* **RECORDS FOR THIS EXERCISE**
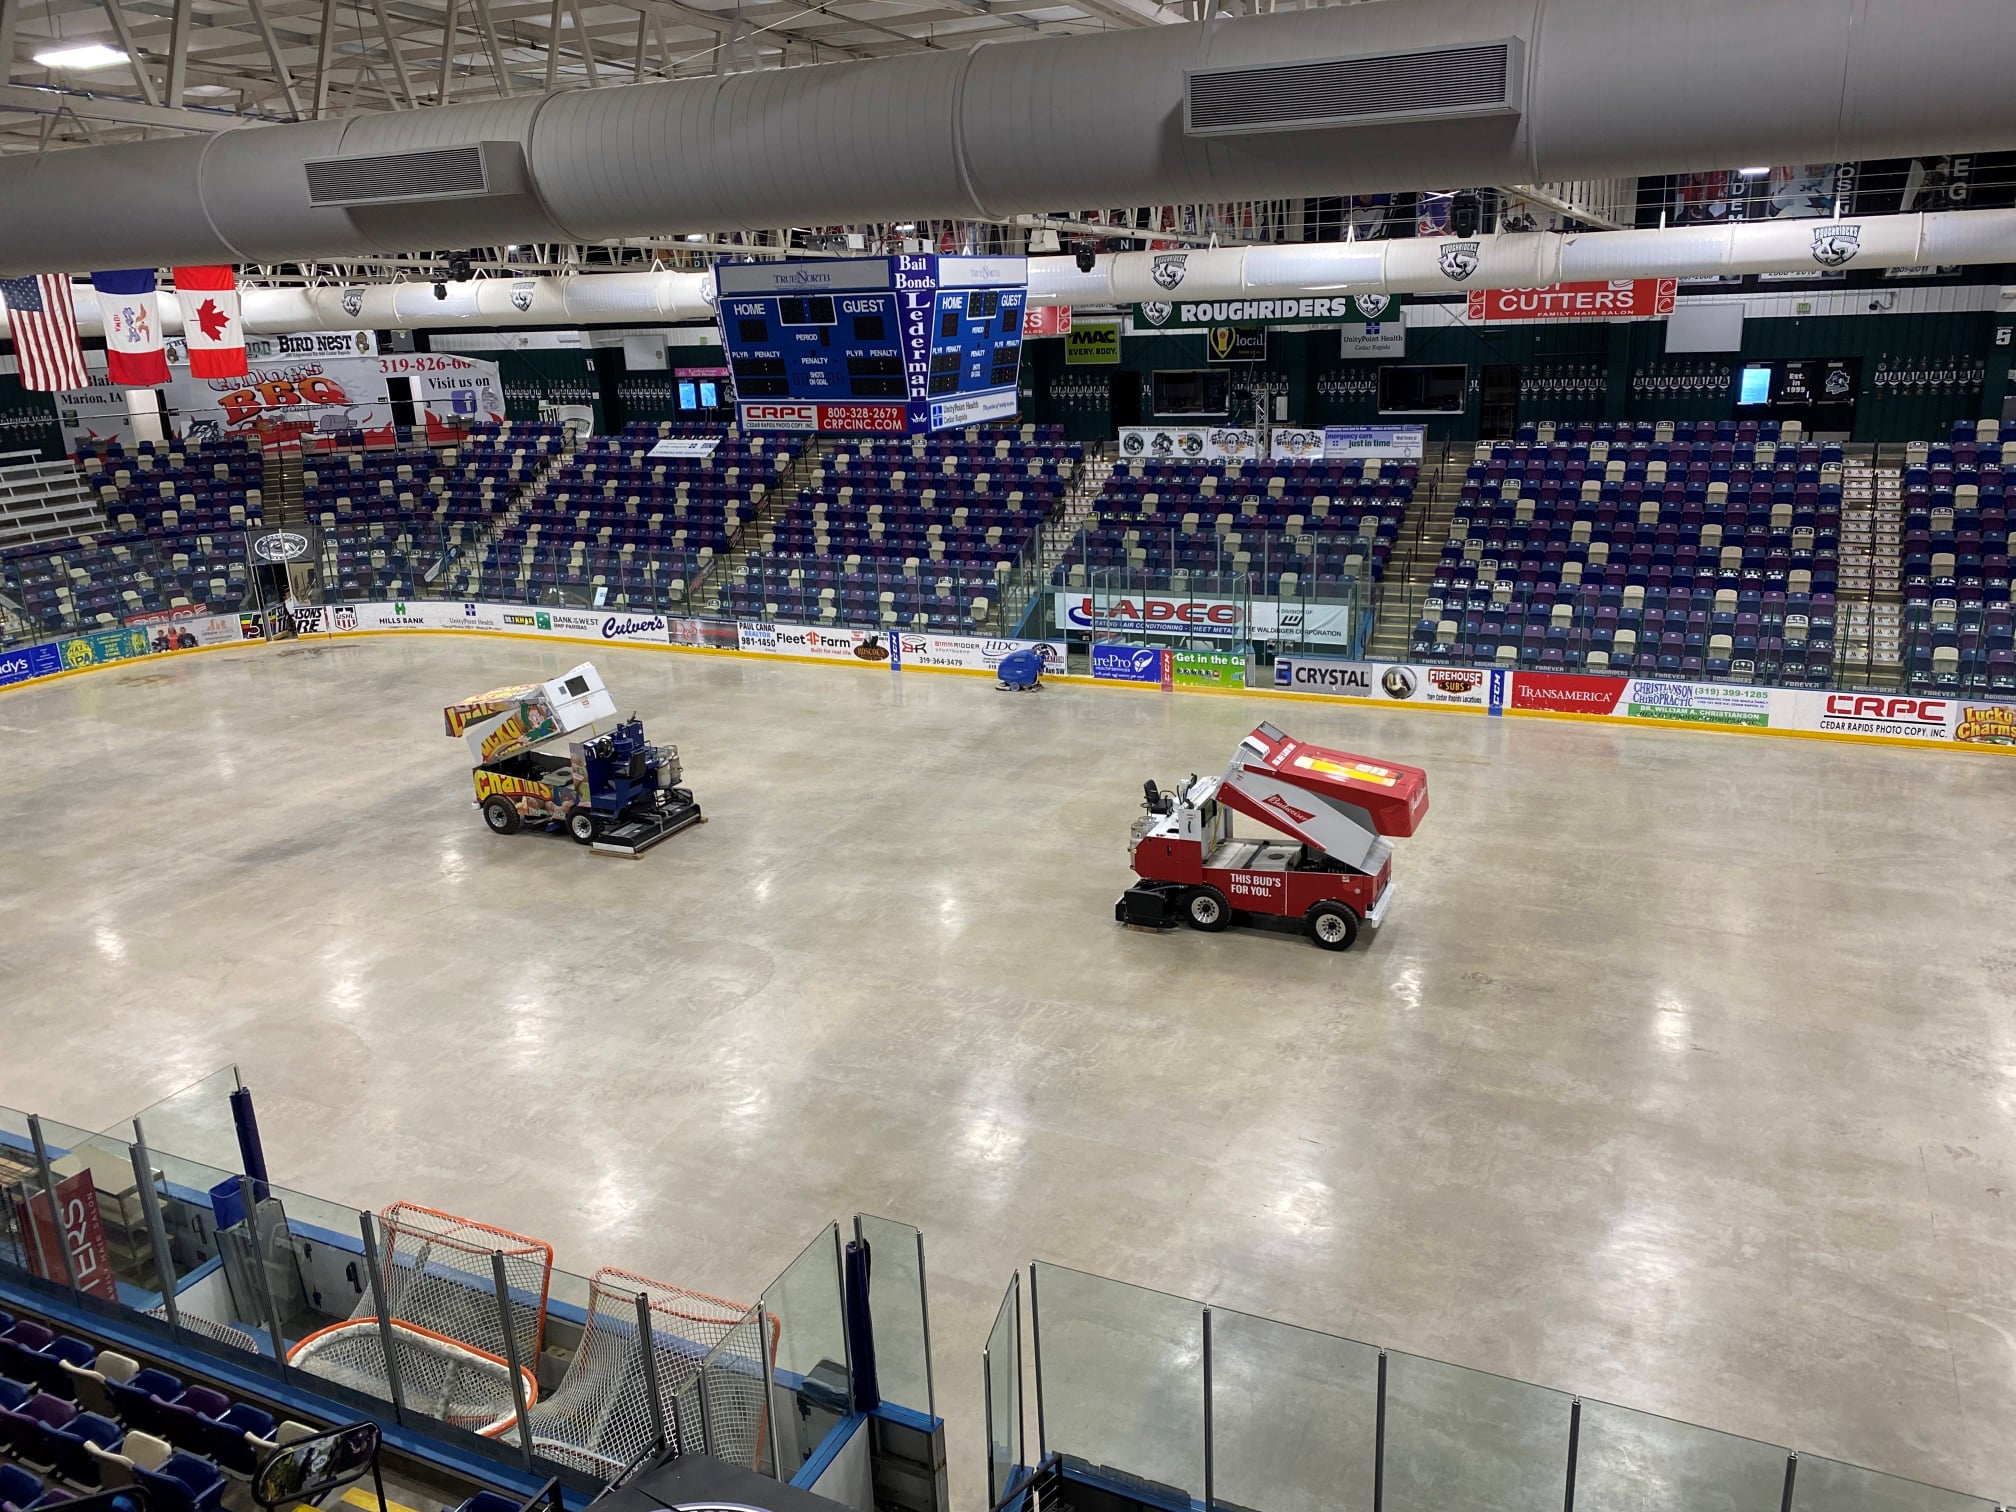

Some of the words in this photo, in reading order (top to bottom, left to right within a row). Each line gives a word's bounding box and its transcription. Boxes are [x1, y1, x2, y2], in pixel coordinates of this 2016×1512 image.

[899, 255, 927, 271] Bail
[894, 273, 936, 289] Bonds
[842, 300, 885, 313] GUEST
[942, 296, 963, 310] HOME
[1001, 294, 1022, 307] GUEST
[1499, 291, 1634, 311] CUTTERS
[734, 303, 766, 316] HOME
[1180, 297, 1346, 323] ROUGHRIDERS
[972, 326, 984, 334] PERIOD
[1072, 330, 1115, 344] MAC
[276, 335, 314, 353] BIRD
[905, 292, 931, 398] Lederman
[1236, 334, 1263, 346] local
[1344, 335, 1379, 344] UnityPoint
[1380, 334, 1403, 342] Health
[732, 351, 749, 359] PLYR
[846, 349, 864, 357] PLYR
[869, 348, 898, 357] PENALTY
[801, 357, 829, 365] PENALTY
[428, 376, 456, 390] Visit
[460, 378, 472, 388] us
[476, 377, 490, 387] on
[60, 394, 106, 406] Marion,
[109, 392, 123, 403] IA
[218, 376, 353, 426] BBQ
[746, 406, 813, 420] CRPC
[827, 407, 898, 419] 800-328-2679
[823, 418, 902, 430] CRPCINC.COM
[1348, 440, 1364, 448] just
[1081, 598, 1244, 624] LADCO
[578, 617, 599, 626] WEST
[602, 616, 664, 639] Culver's
[740, 622, 754, 631] PAUL
[756, 624, 776, 632] CANAS
[744, 630, 771, 638] REALTOR
[776, 632, 806, 644] Fleet
[820, 636, 851, 648] Farm
[742, 637, 776, 648] 981-1450
[986, 640, 1018, 651] HDC
[919, 656, 963, 666] 319-364-3479
[1176, 653, 1194, 664] Get
[1198, 654, 1208, 664] in
[1210, 654, 1228, 665] the
[1295, 666, 1370, 688] CRYSTAL
[1430, 671, 1482, 688] FIREHOUSE
[1445, 682, 1465, 691] SUBS
[1518, 684, 1611, 702] TRANSAMERICA
[1634, 682, 1694, 698] CHRISTIANSON
[1694, 687, 1720, 696] (319)
[1722, 688, 1769, 699] 399-1285
[1632, 692, 1694, 707] CHIROPRACTIC
[1700, 710, 1760, 720] CHRISTIANSON
[1826, 695, 1946, 721] CRPC
[1964, 706, 2014, 725] Lucky
[1820, 720, 1846, 730] CEDAR
[1848, 722, 1874, 733] RAPIDS
[1876, 725, 1902, 736] PHOTO
[1904, 727, 1928, 738] COPY,
[1930, 729, 1948, 738] INC.
[1230, 873, 1252, 884] THIS
[1252, 876, 1282, 887] BUD'S
[1230, 884, 1248, 895] FOR
[1250, 886, 1272, 898] YOU.

* **TASK TO CARRY OUT**
Among the records, find every line with the word "PENALTY" and copy it.

* **TASK RESPONSE**
[869, 348, 898, 357] PENALTY
[801, 357, 829, 365] PENALTY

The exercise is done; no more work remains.